Ya lo dice el budismo: intentar gustar a todo el mundo nos hará infelices; y si bien es cierto que el sufrimiento es inherente al ser humano, también lo es que hay medidas paliativas que nos hacen más llano el camino. Una de esas medidas es aprender a desvincular la crítica de nuestra persona: entender que quien critica una decisión o una opinión nuestra no está criticándonos a nosotros como persona. En el momento en que alguien saca algo a la luz, ya sea en los ámbitos social, laboral, incluso doméstico o de pareja, se expone a la crítica. Por eso hay que saber encajarlas. Cuando hemos interiorizado el aprendizaje, podremos expresarnos libremente, sin miedo, incluso ante aquellos que piensan de manera distinta. Es su opinión. Otro pensará lo contrario. La crítica suele estar más relacionada con el que la lanza que con el que la recibe: a menudo, quien critica se confiesa. Confiesa sus temores, sus inseguridades, sus frustraciones.

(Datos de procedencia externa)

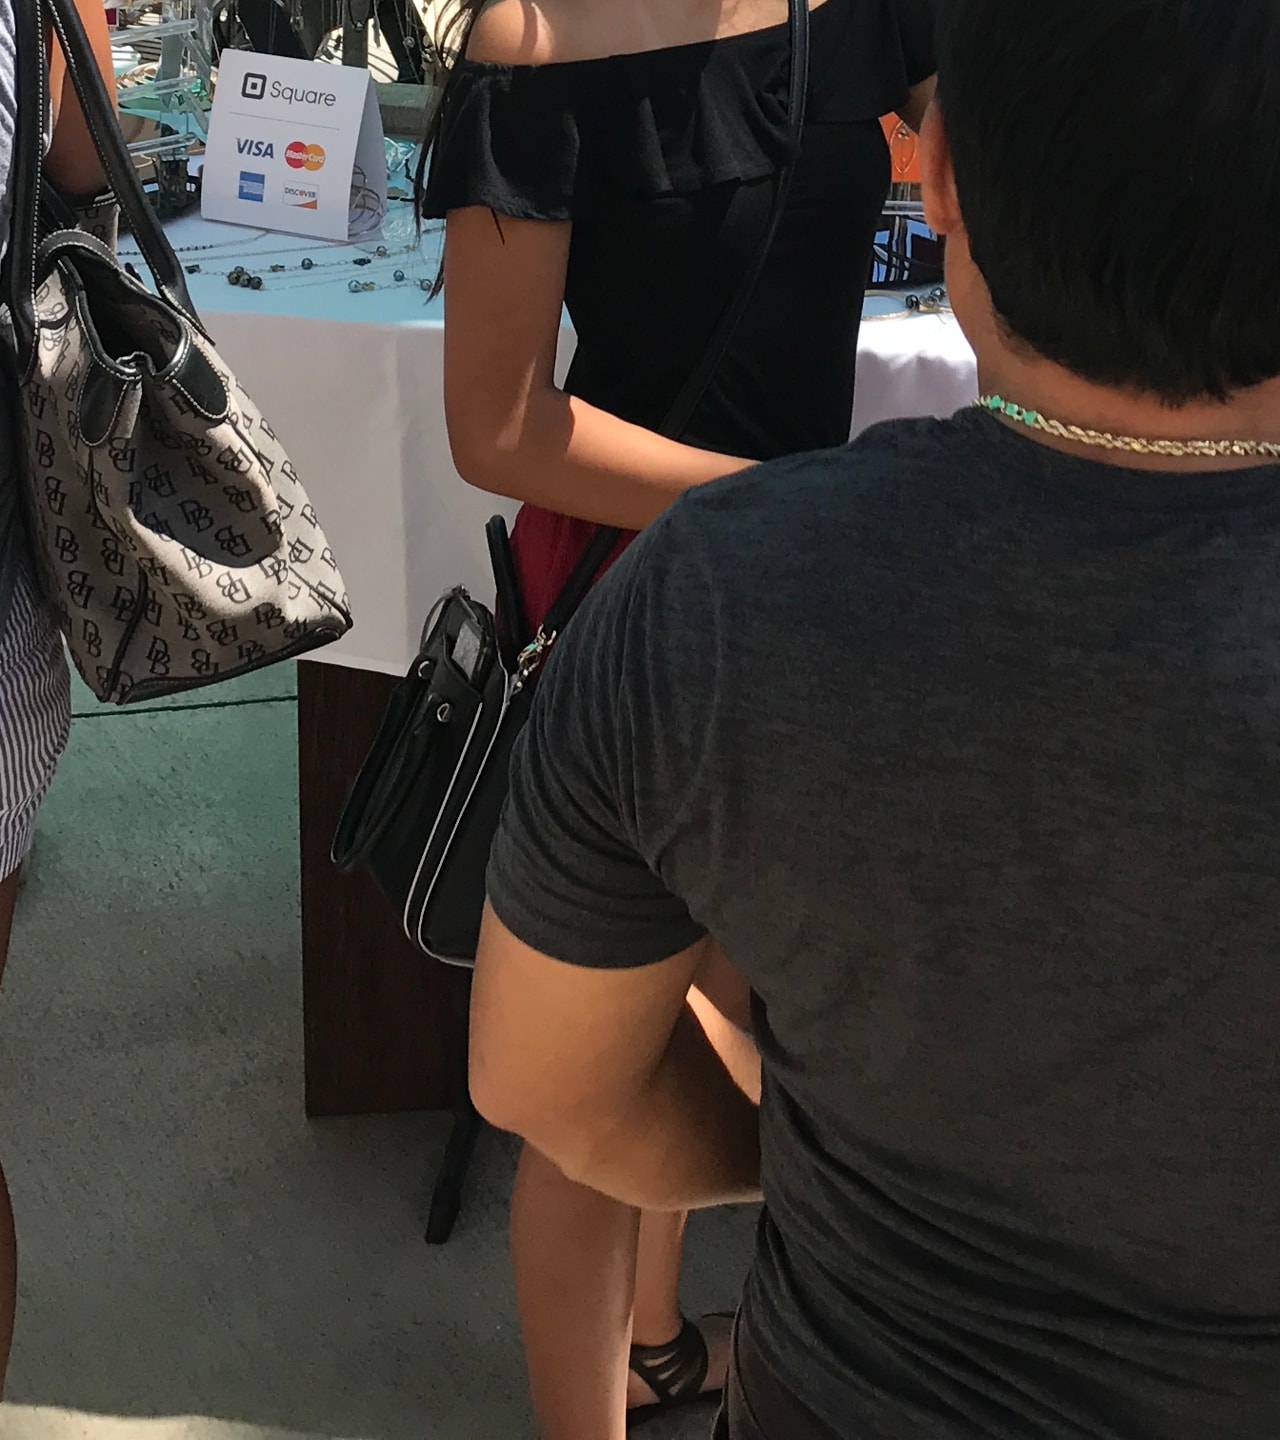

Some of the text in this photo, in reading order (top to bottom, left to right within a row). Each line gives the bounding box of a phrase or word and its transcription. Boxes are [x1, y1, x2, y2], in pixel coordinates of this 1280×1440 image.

[270, 80, 337, 107] Square
[235, 137, 274, 159] VISA
[284, 187, 317, 199] DISCOVER

Encontrar el equilibrio. Andar tan pendientes de las opiniones ajenas, el comportamiento de búsqueda de aprobación, puede ocasionar que nos dejemos de lado a nosotros mismos. Si eso pasa, Wayne W. Dyer asegura que llegará un momento en que confundiremos la jerarquía, llegando incluso a pensar que lo que los demás opinen de nosotros es más importante que lo que nosotros mismos opinamos. El sentido común nos dice que tampoco sería higiénico vivir al margen de la visión que los demás tienen de nosotros, porque algunas críticas pueden servirnos de espejo y de trampolín para la mejora, pero lo óptimo sería encontrar el equilibrio. Para empezar el camino hacia ese equilibrio, la psicóloga Begoña Odriozola propone que nos descentremos del yo, que salgamos y conozcamos otras culturas: así entenderemos que existe la diversidad y que, en realidad, la vida tiene tantos matices como personas.
A la vez, y aunque parezca una paradoja, los expertos proponen centrarse en uno mismo: saber con claridad quiénes somos y concedernos, además, el derecho a ser imperfectos. Porque depender únicamente de las opiniones ajenas puede hacernos acabar totalmente confundidos, fluctuando en función de las críticas o los elogios. El cineasta Woody Allen nunca lee las críticas a sus películas: “Porque cuando son buenas, te envaneces, y cuando son malas, te deprimes. Antes solía leer lo que escribían sobre mí, pero dejé de hacerlo porque no hay una distracción que te sirva de menos; es absurdo leer que uno es genio de la comedia o que actúa de mala fe”.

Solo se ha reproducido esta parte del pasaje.